(Information supplied)

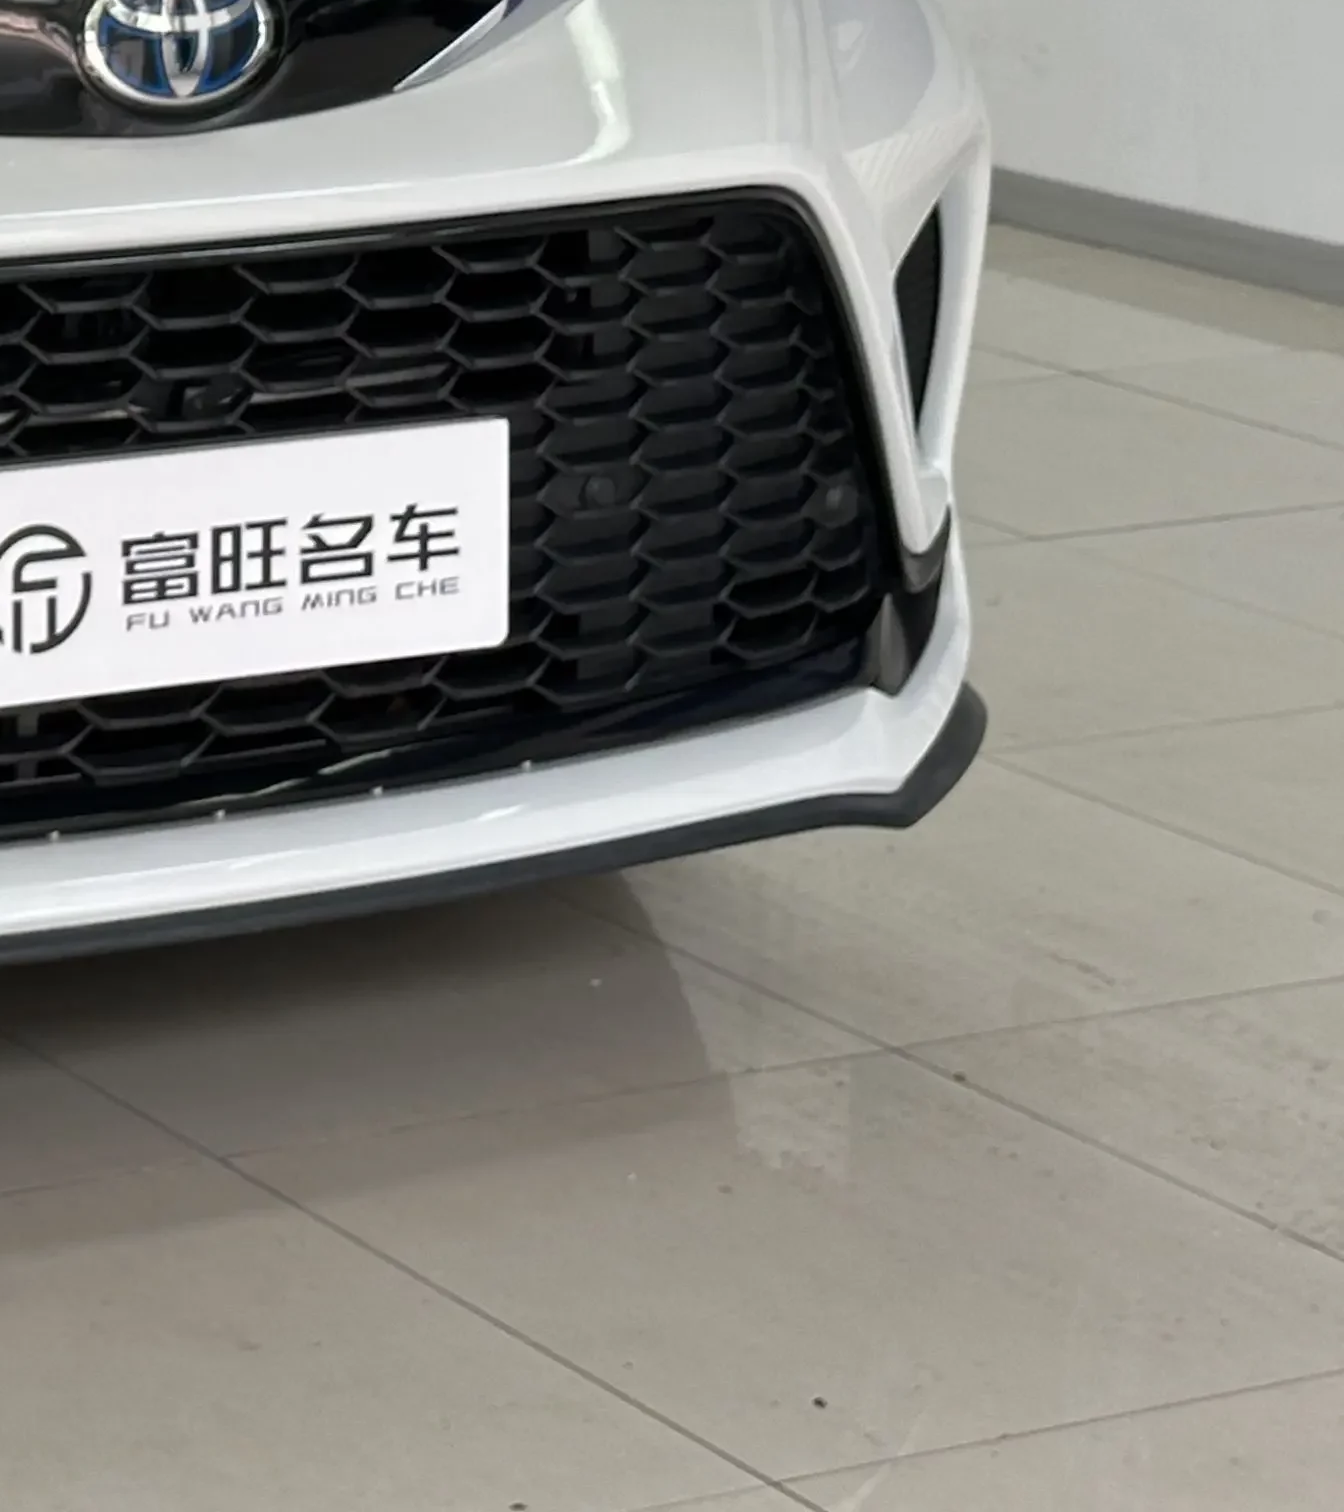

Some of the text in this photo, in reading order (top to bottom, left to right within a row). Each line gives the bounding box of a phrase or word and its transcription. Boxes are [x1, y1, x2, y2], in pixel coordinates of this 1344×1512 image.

[120, 503, 461, 606] 富旺名车
[125, 575, 460, 632] FU WANG MING CHE
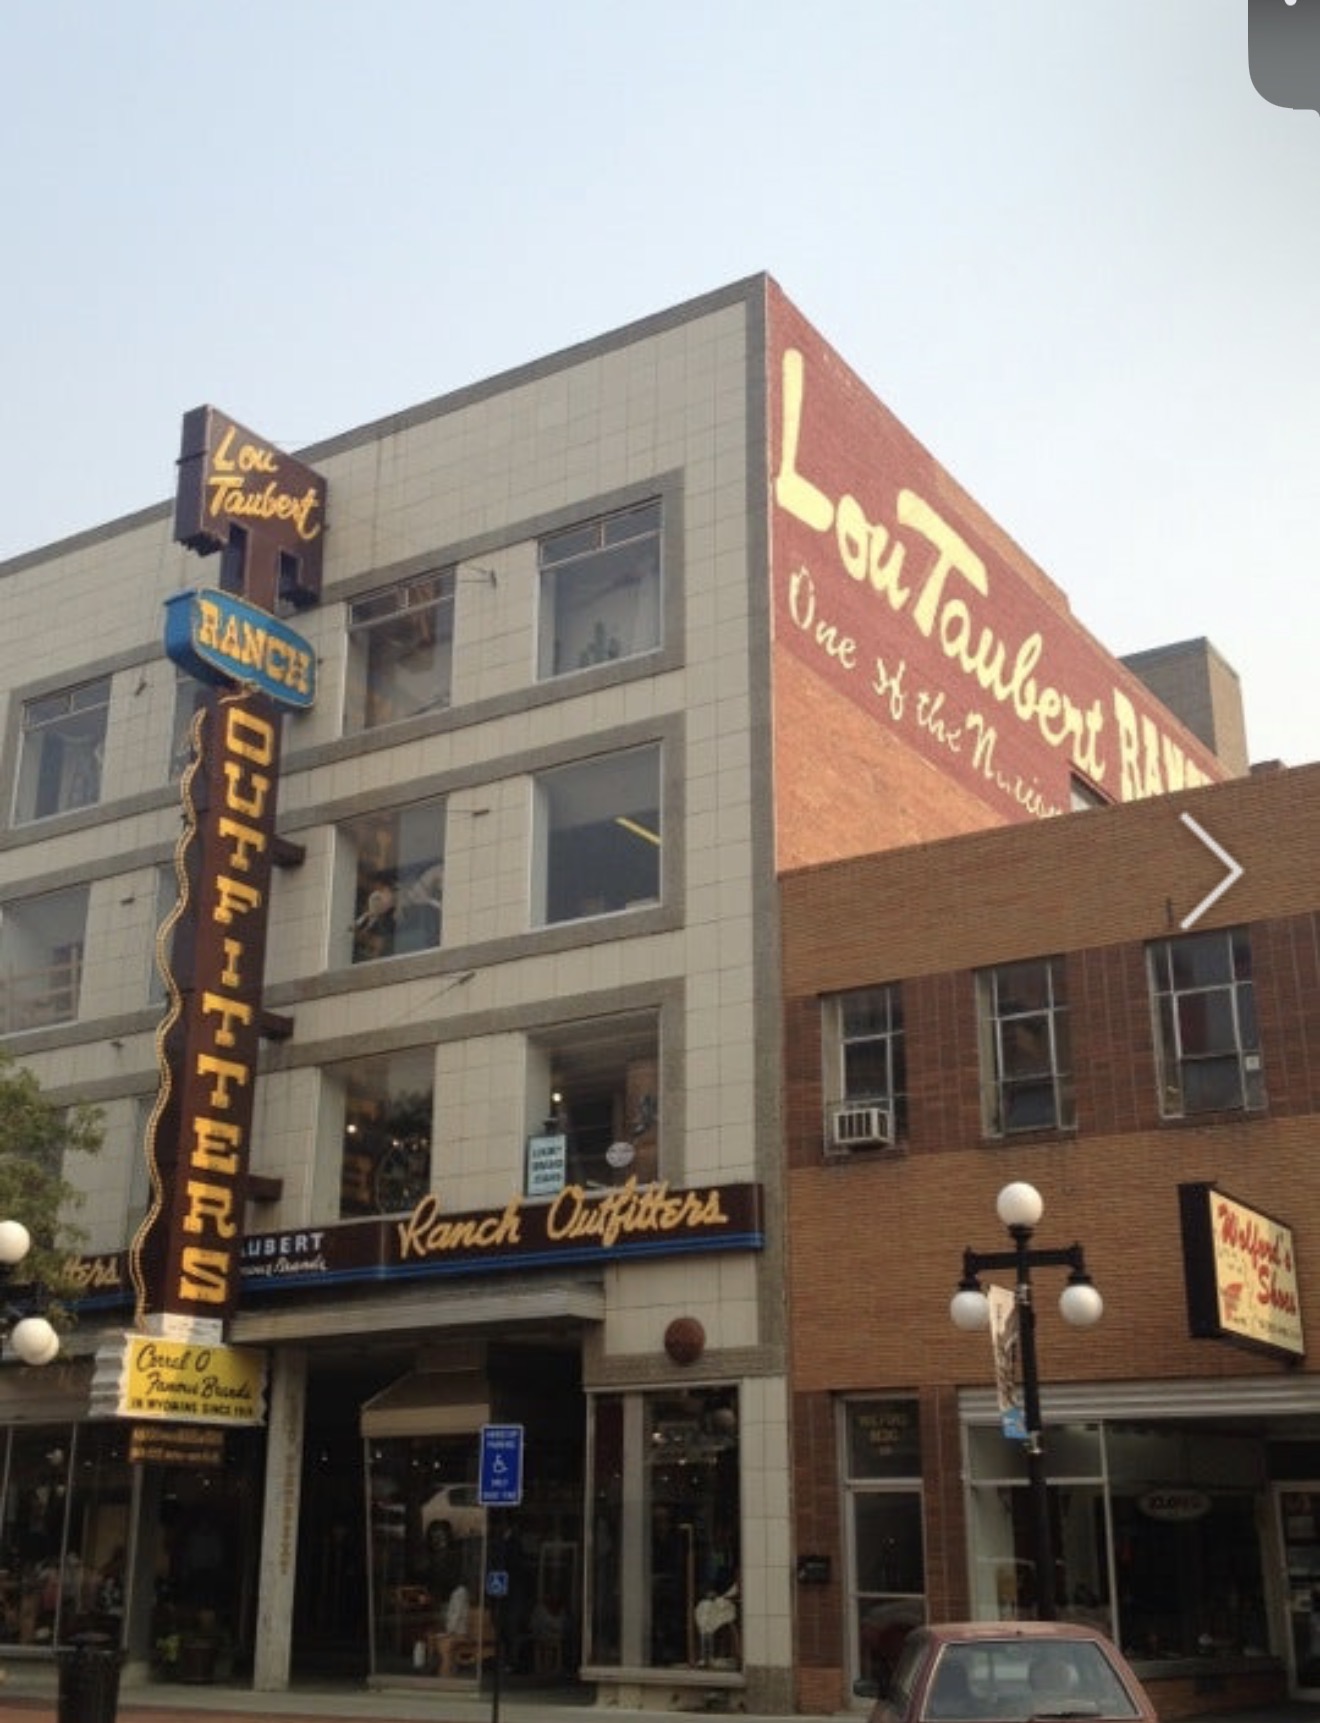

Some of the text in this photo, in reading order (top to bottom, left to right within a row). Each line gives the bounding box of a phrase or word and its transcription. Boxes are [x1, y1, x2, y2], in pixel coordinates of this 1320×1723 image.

[213, 426, 278, 472] Lou
[208, 476, 321, 540] Taubert
[776, 347, 910, 612] Lou
[897, 489, 1107, 783] Taubert
[197, 600, 311, 694] RANCH
[788, 566, 858, 669] One
[917, 692, 961, 754] the
[178, 706, 276, 1305] OUTFITTERS
[241, 1231, 324, 1258] UBERT
[399, 1175, 728, 1258] Ranch Outfitters
[145, 1373, 252, 1399] Famous Brands
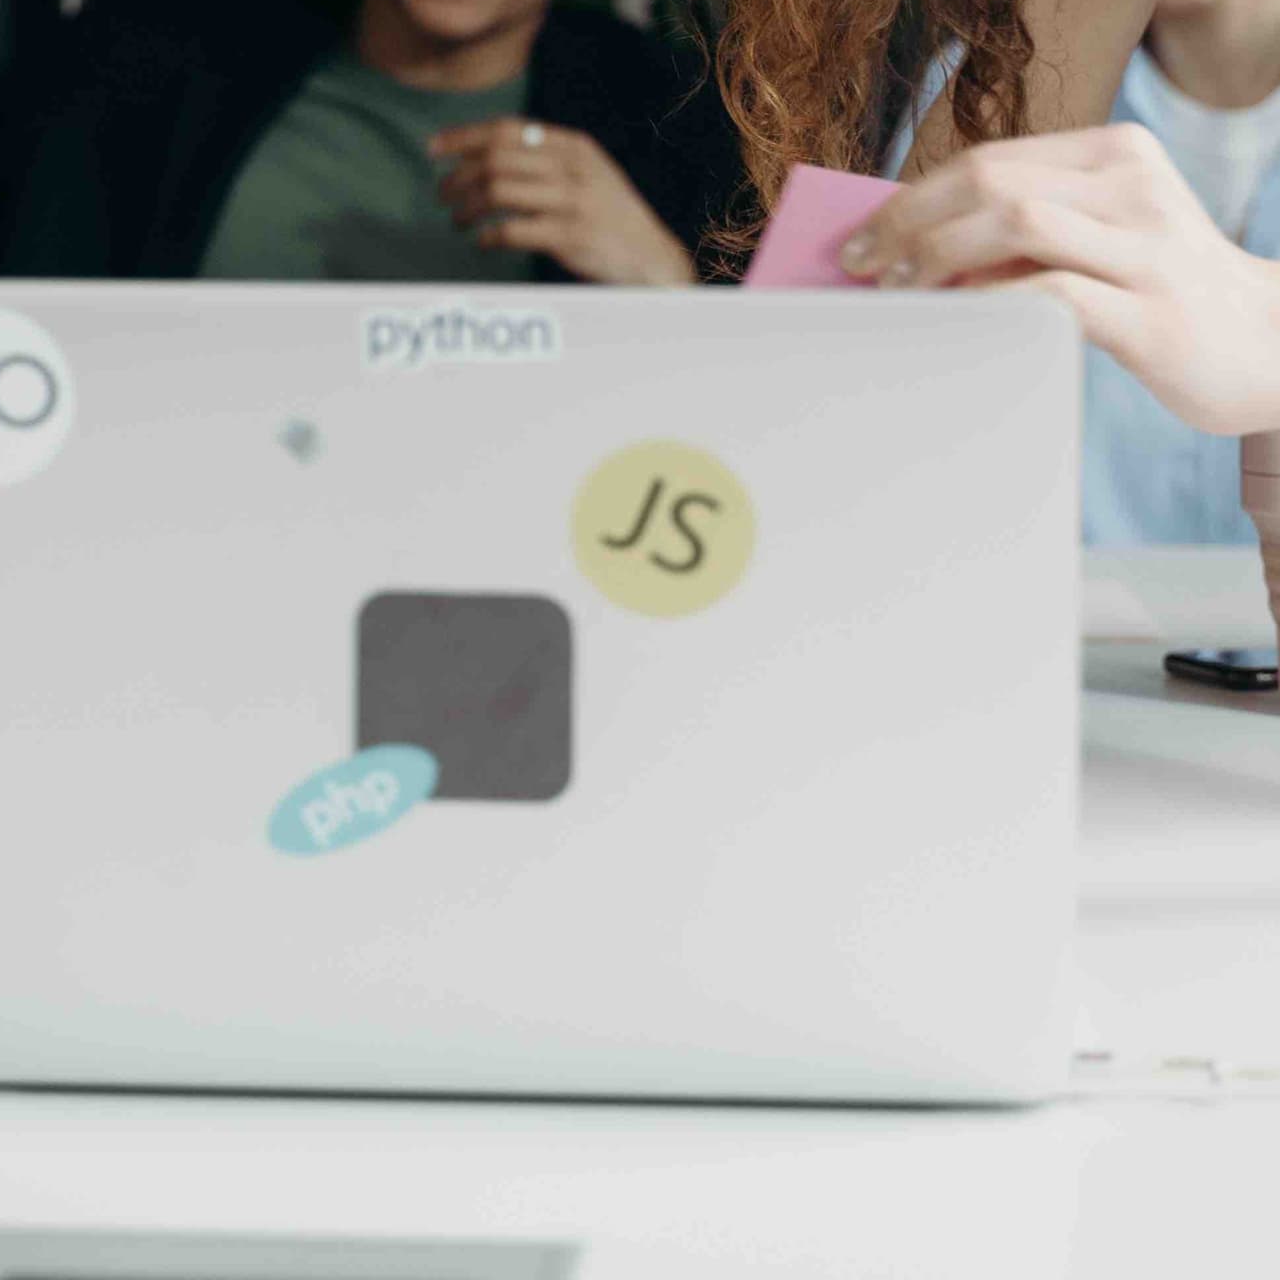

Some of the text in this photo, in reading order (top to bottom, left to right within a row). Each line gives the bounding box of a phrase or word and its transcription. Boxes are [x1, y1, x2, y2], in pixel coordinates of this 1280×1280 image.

[367, 310, 553, 363] python
[600, 478, 722, 576] JS
[301, 768, 400, 846] php

(End Information supplied)

## Exercise aim
Return every entry from the listing above exactly as it stands, leaving out any picture.

## Response to the exercise
Some of the text in this photo, in reading order (top to bottom, left to right within a row). Each line gives the bounding box of a phrase or word and its transcription. Boxes are [x1, y1, x2, y2], in pixel coordinates of this 1344×1512 image.

[120, 503, 461, 606] 富旺名车
[125, 575, 460, 632] FU WANG MING CHE

Some of the text in this photo, in reading order (top to bottom, left to right within a row). Each line gives the bounding box of a phrase or word and its transcription. Boxes are [x1, y1, x2, y2], in pixel coordinates of this 1320×1723 image.

[213, 426, 278, 472] Lou
[208, 476, 321, 540] Taubert
[776, 347, 910, 612] Lou
[897, 489, 1107, 783] Taubert
[197, 600, 311, 694] RANCH
[788, 566, 858, 669] One
[917, 692, 961, 754] the
[178, 706, 276, 1305] OUTFITTERS
[241, 1231, 324, 1258] UBERT
[399, 1175, 728, 1258] Ranch Outfitters
[145, 1373, 252, 1399] Famous Brands

Some of the text in this photo, in reading order (top to bottom, left to right within a row). Each line gives the bounding box of a phrase or word and its transcription. Boxes are [x1, y1, x2, y2], in pixel coordinates of this 1280×1280 image.

[367, 310, 553, 363] python
[600, 478, 722, 576] JS
[301, 768, 400, 846] php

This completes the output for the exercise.